Top of Source data

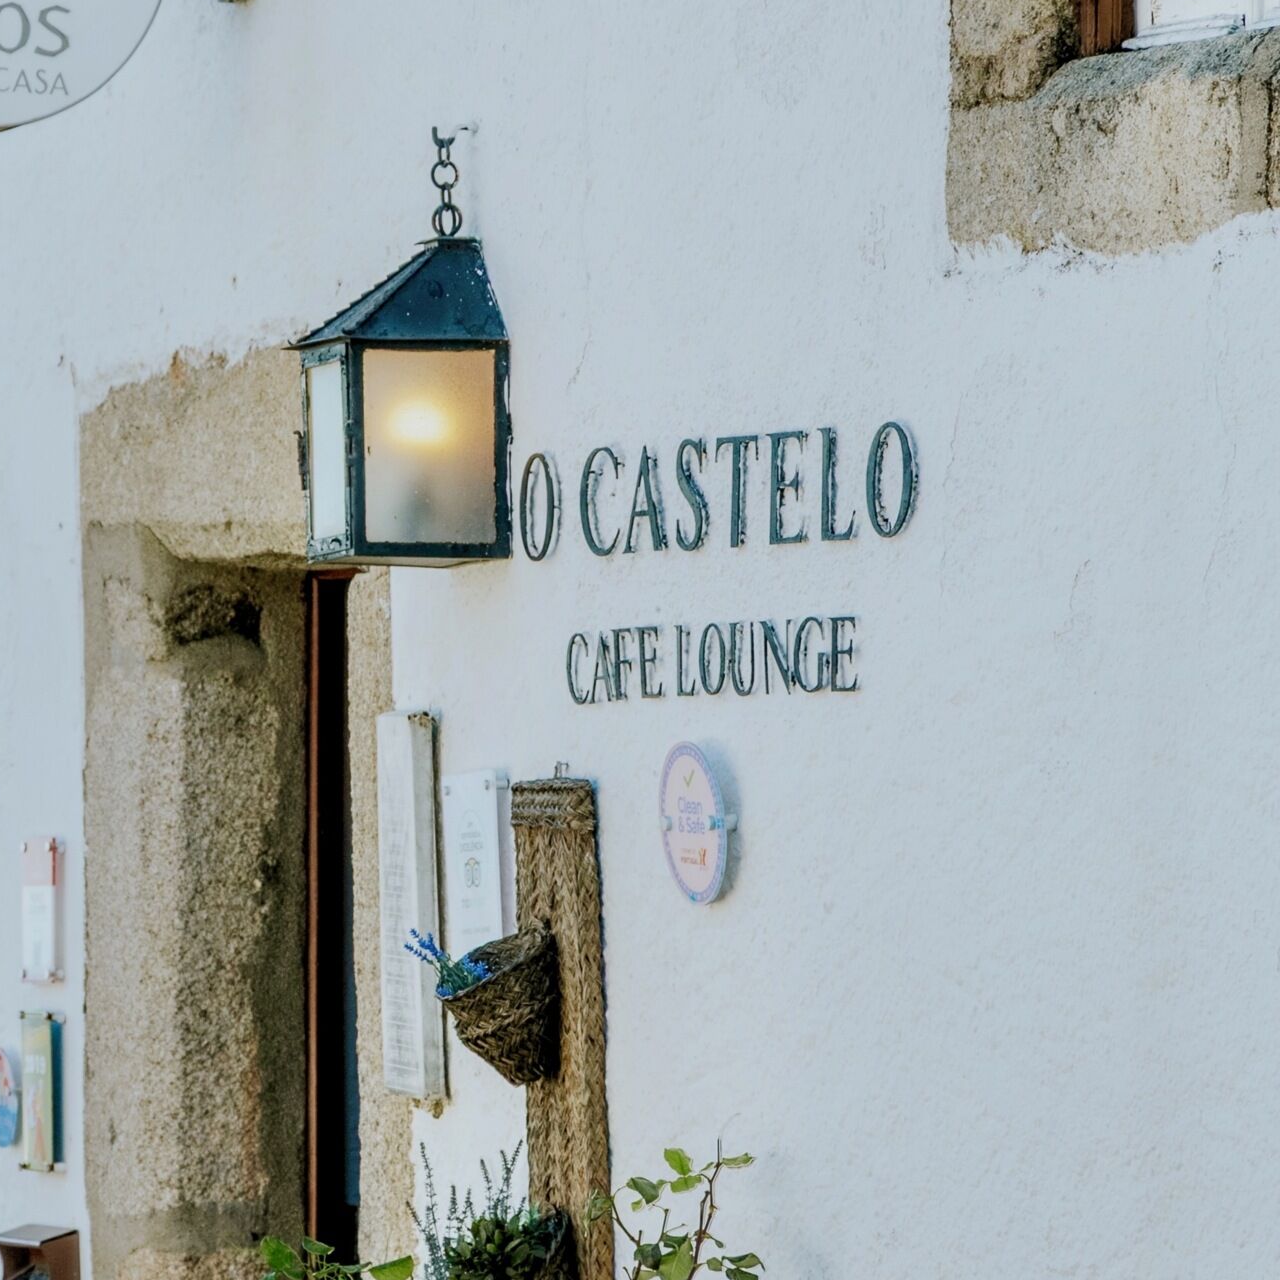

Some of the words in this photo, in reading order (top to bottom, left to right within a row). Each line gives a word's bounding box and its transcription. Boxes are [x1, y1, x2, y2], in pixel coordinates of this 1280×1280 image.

[519, 452, 556, 562] O
[580, 421, 916, 557] CASTELO
[566, 626, 663, 705] CAFE
[674, 616, 859, 697] LOUNGE
[677, 795, 703, 816] Clean
[686, 816, 706, 835] Safe

Bottom of Source data

What this task involves: Every record, from top to bottom, gets written out exactly; no picture goes into the copy.

Completed exercise:
Some of the words in this photo, in reading order (top to bottom, left to right within a row). Each line gives a word's bounding box and its transcription. Boxes are [x1, y1, x2, y2], in pixel coordinates of this 1280×1280 image.

[519, 452, 556, 562] O
[580, 421, 916, 557] CASTELO
[566, 626, 663, 705] CAFE
[674, 616, 859, 697] LOUNGE
[677, 795, 703, 816] Clean
[686, 816, 706, 835] Safe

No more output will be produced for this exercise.